Gramatges destacó, además,
que este año se le ha dado un énfasis a la música latinoamericana y a
la cubana, especialmente a la de los compositores más jóvenes y a la
electroacústica. En este contexto, subrayó el estreno de Un niño y
cien más (basada en un poema de Nancy Morejón), de Héctor Angulo,
muy oportuna en estos momentos en que círculos del poder en Estados
Unidos y sus aliados, hacen sonar los tambores de la guerra. La obra fue
dedicada al 40mo. aniversario del Movimiento Cubano por la Paz y la
Soberanía de los Pueblos.
La jornada inaugural fue un
concierto feliz, que buena parte del público asistente aplaudió puesto
de pie. Momento singular resultó la entrega al maestro Manuel de Elías
(México), de la condición de Miembro de Honor de la UNEAC, por su
trayectoria como autor, director y promotor cultural al fundar la
Sinfónica de Veracruz y otras importantes agrupaciones de su país.
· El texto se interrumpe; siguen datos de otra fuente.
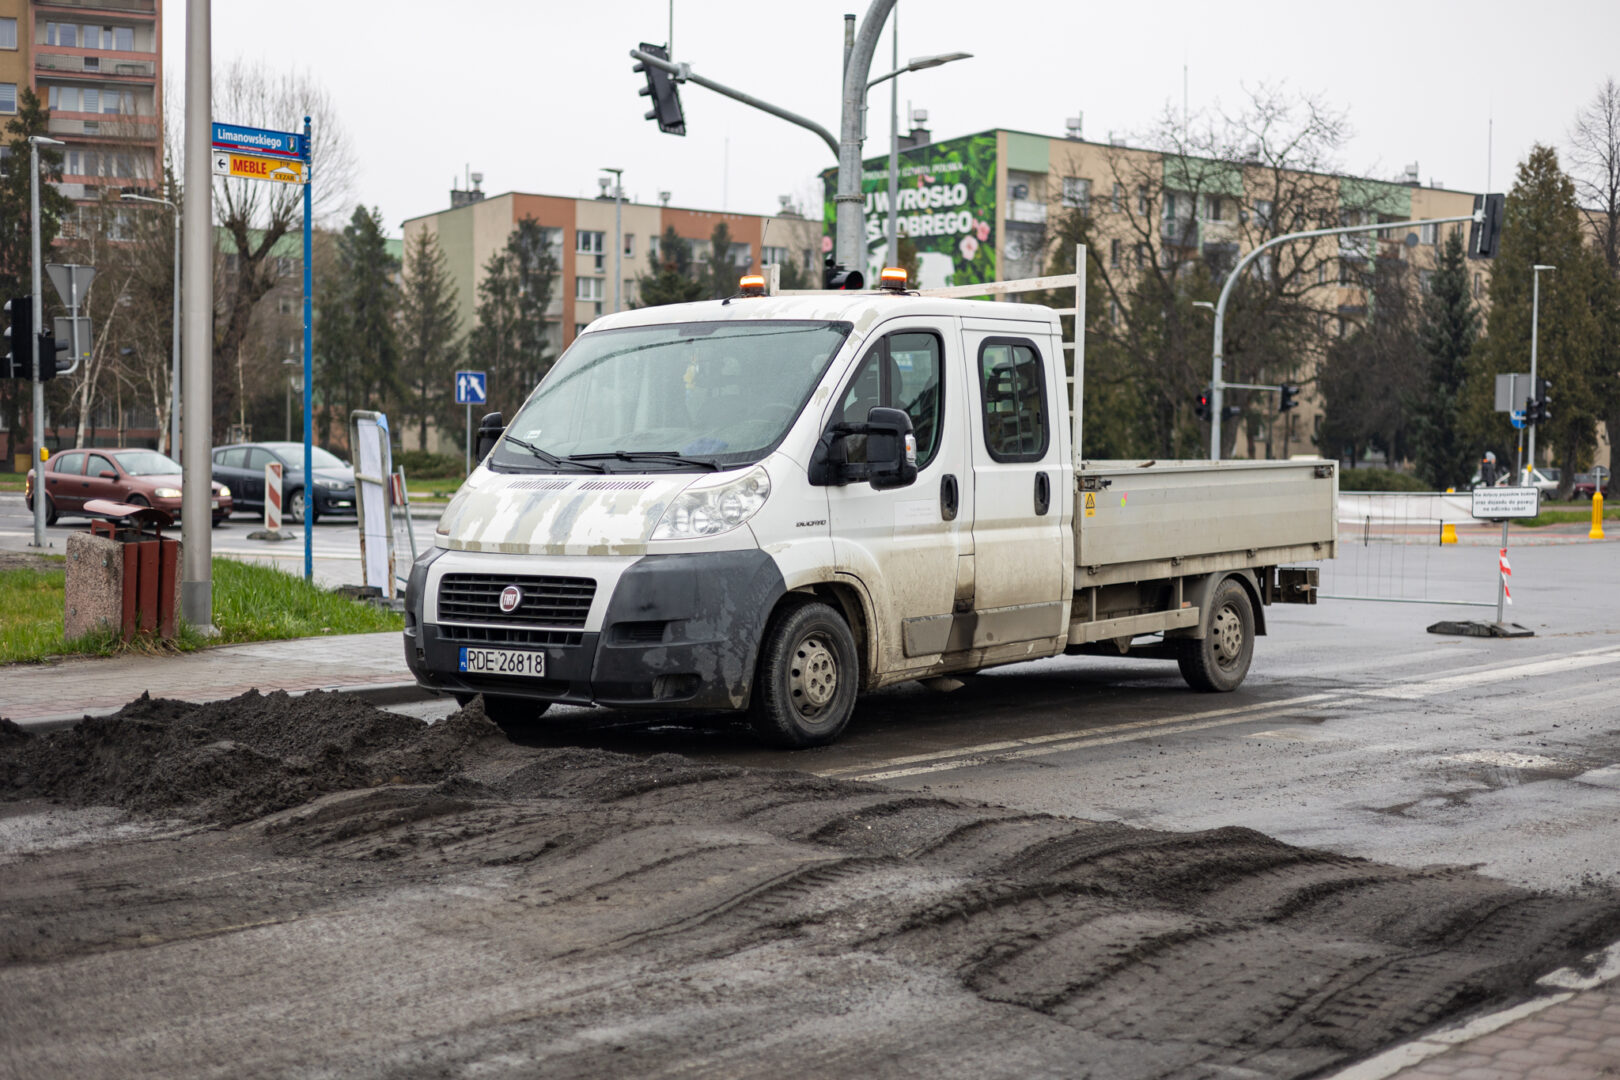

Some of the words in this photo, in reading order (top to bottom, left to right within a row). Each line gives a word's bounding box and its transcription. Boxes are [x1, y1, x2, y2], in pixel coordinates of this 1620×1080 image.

En su agradecimiento, Manuel
de Elías confesó que el alto reconocimiento lo valoraba tanto más, por
contar la UNEAC con prestigiosos creadores, lo que "me obliga en mi
labor con la difusión de la música cubana".
Ante una Orquesta Sinfónica
Nacional llamativamente juvenil, equilibrada y de sonido impecable,
Elías, con gestos imperiosos pero sobrio, logró gran empaste en Convergencias,
del brasileño Marlos Nobre; y se entregó en su Concierto para
violoncello y orquesta, el cual tuvo en Amparo del Riesgo, una
acertada solista.
Fue también una satisfacción
ver cómo la orquesta y el director Guido López-Gavilán se enfrentaban
al ya mencionado estreno de Un niño y cien más, el cual contó
con el apoyo de la soprano Indra Sesti y Roberto Valera, como recitante;
al Nocturno de Enero, de Carlos Fariñas; y a Danzón No. 2,
del mexicano Arturo Márquez, quien, aunque con el lógico tratamiento
sinfónico, supo recrear la cadencia del género que ha logrado carta de
ciudadanía en el hermano país, donde mantiene plena vigencia.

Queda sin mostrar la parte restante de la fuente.